• TASK DETAILS: If an entry below contains an image, drop the image and retype the rest exactly.

### AVAILABLE DATA ###

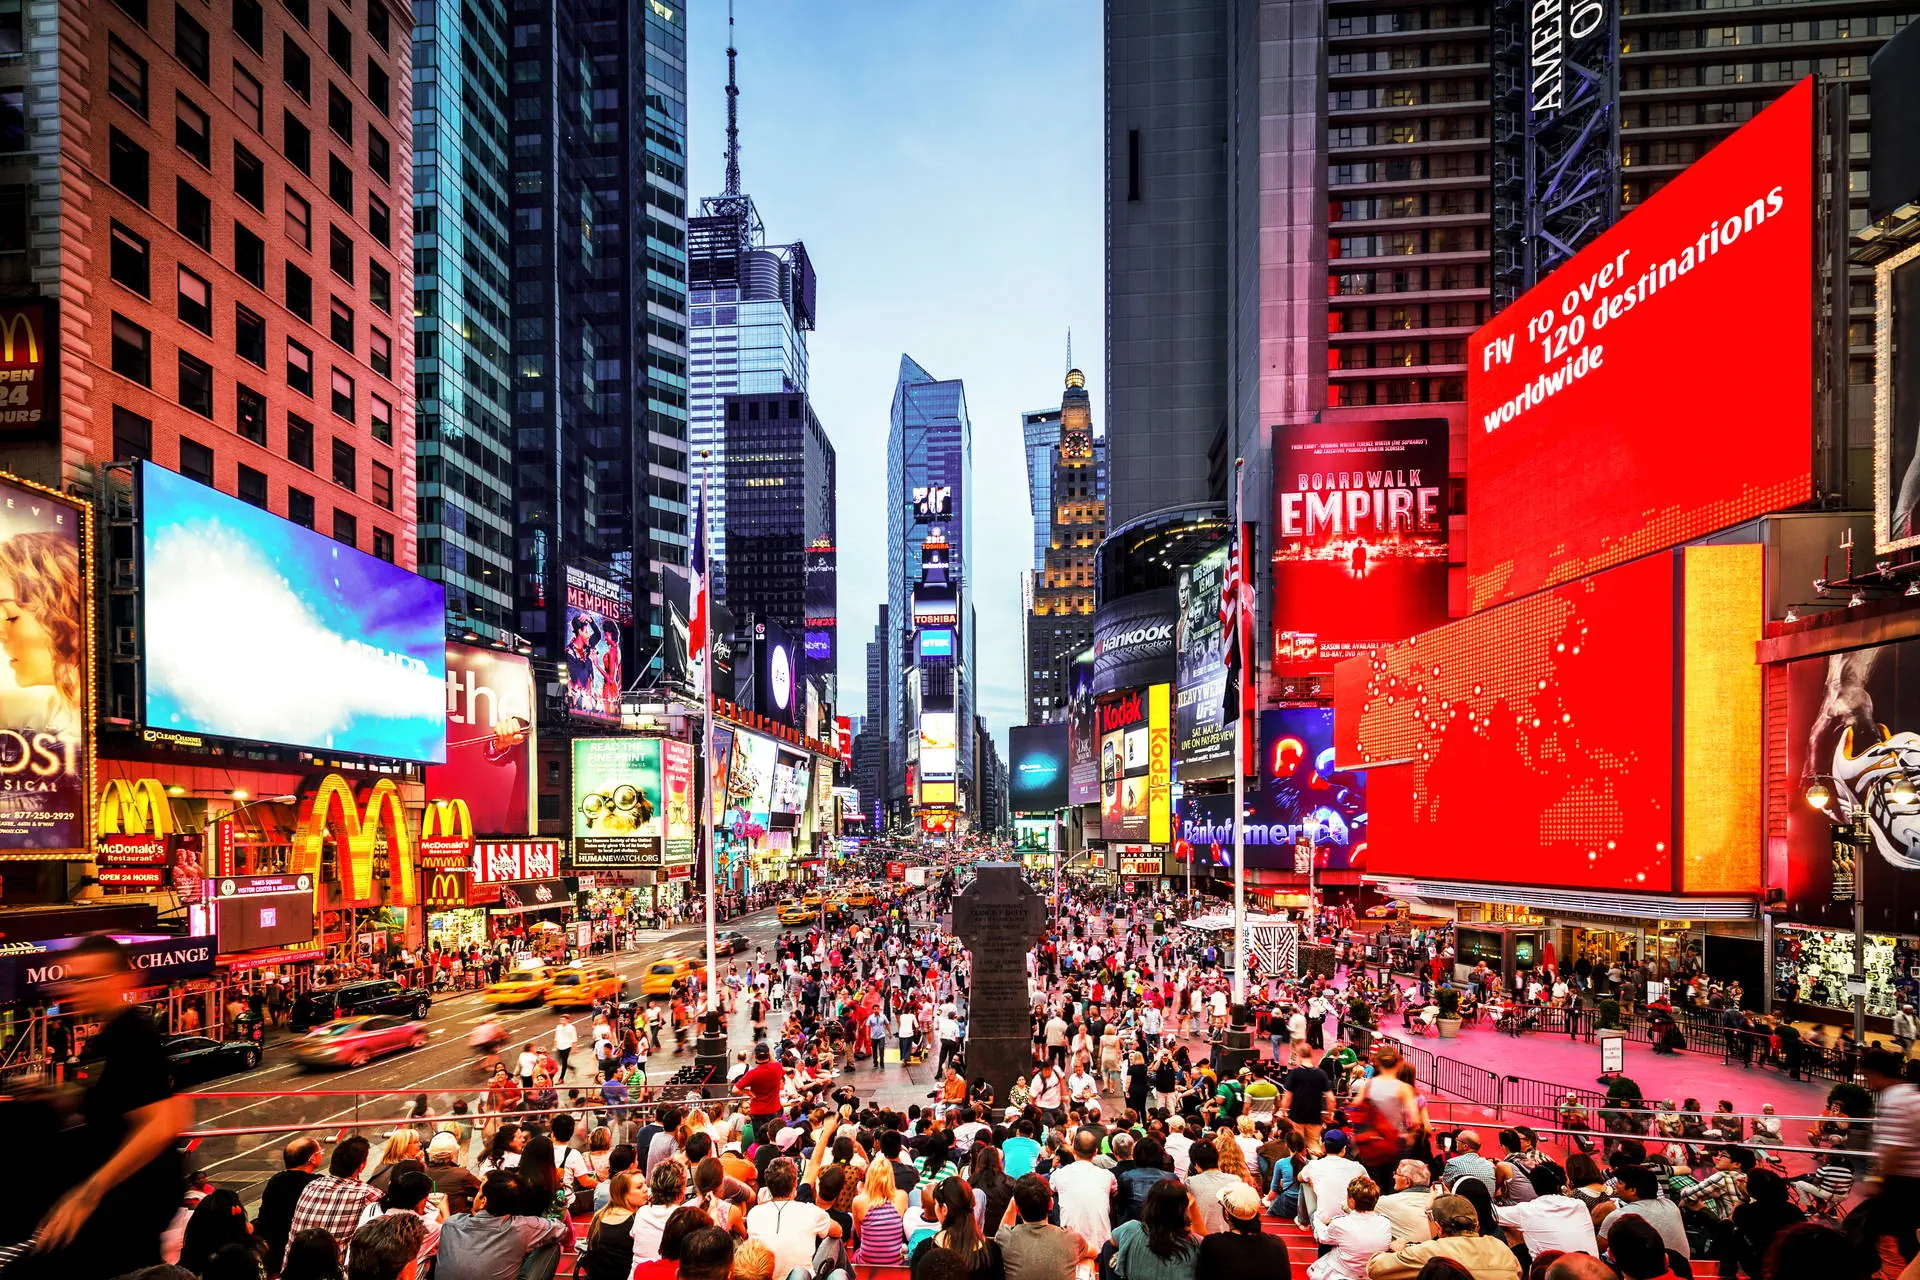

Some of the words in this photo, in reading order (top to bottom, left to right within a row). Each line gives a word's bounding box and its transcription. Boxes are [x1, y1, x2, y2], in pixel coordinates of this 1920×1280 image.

[1541, 314, 1585, 364] 120
[1592, 185, 1784, 330] destinations
[1483, 333, 1515, 372] Fly
[1528, 309, 1554, 342] to
[1561, 249, 1631, 316] over
[1483, 344, 1604, 434] worldwide
[1298, 469, 1422, 491] BOARDWALK
[1280, 486, 1442, 538] EMPIRE
[567, 574, 586, 588] BEST
[588, 581, 620, 601] MUSICAL
[567, 586, 620, 619] MEMPHIS
[914, 615, 956, 624] TOSHIBA
[1133, 639, 1172, 651] emotion
[1352, 642, 1379, 650] AVAILABLE
[1103, 692, 1144, 732] Kodak
[1196, 699, 1217, 720] UFC
[1203, 723, 1214, 736] MAY
[590, 742, 619, 752] READ
[622, 741, 645, 752] THE
[1181, 740, 1190, 751] LIVE
[1191, 738, 1200, 747] ON
[1201, 730, 1235, 747] PAY-PER-VIEW
[1151, 727, 1168, 802] Kodak
[14, 811, 75, 820] 877-250-2929
[1184, 819, 1216, 845] Bank
[1216, 817, 1232, 845] of
[98, 841, 164, 854] McDonald's
[421, 841, 470, 849] McDonald's
[578, 854, 659, 862] HUMANEWATCH.ORG
[1136, 862, 1160, 873] EVITA

###

• RESPONSE AREA:
Some of the words in this photo, in reading order (top to bottom, left to right within a row). Each line gives a word's bounding box and its transcription. Boxes are [x1, y1, x2, y2], in pixel coordinates of this 1920×1280 image.

[1541, 314, 1585, 364] 120
[1592, 185, 1784, 330] destinations
[1483, 333, 1515, 372] Fly
[1528, 309, 1554, 342] to
[1561, 249, 1631, 316] over
[1483, 344, 1604, 434] worldwide
[1298, 469, 1422, 491] BOARDWALK
[1280, 486, 1442, 538] EMPIRE
[567, 574, 586, 588] BEST
[588, 581, 620, 601] MUSICAL
[567, 586, 620, 619] MEMPHIS
[914, 615, 956, 624] TOSHIBA
[1133, 639, 1172, 651] emotion
[1352, 642, 1379, 650] AVAILABLE
[1103, 692, 1144, 732] Kodak
[1196, 699, 1217, 720] UFC
[1203, 723, 1214, 736] MAY
[590, 742, 619, 752] READ
[622, 741, 645, 752] THE
[1181, 740, 1190, 751] LIVE
[1191, 738, 1200, 747] ON
[1201, 730, 1235, 747] PAY-PER-VIEW
[1151, 727, 1168, 802] Kodak
[14, 811, 75, 820] 877-250-2929
[1184, 819, 1216, 845] Bank
[1216, 817, 1232, 845] of
[98, 841, 164, 854] McDonald's
[421, 841, 470, 849] McDonald's
[578, 854, 659, 862] HUMANEWATCH.ORG
[1136, 862, 1160, 873] EVITA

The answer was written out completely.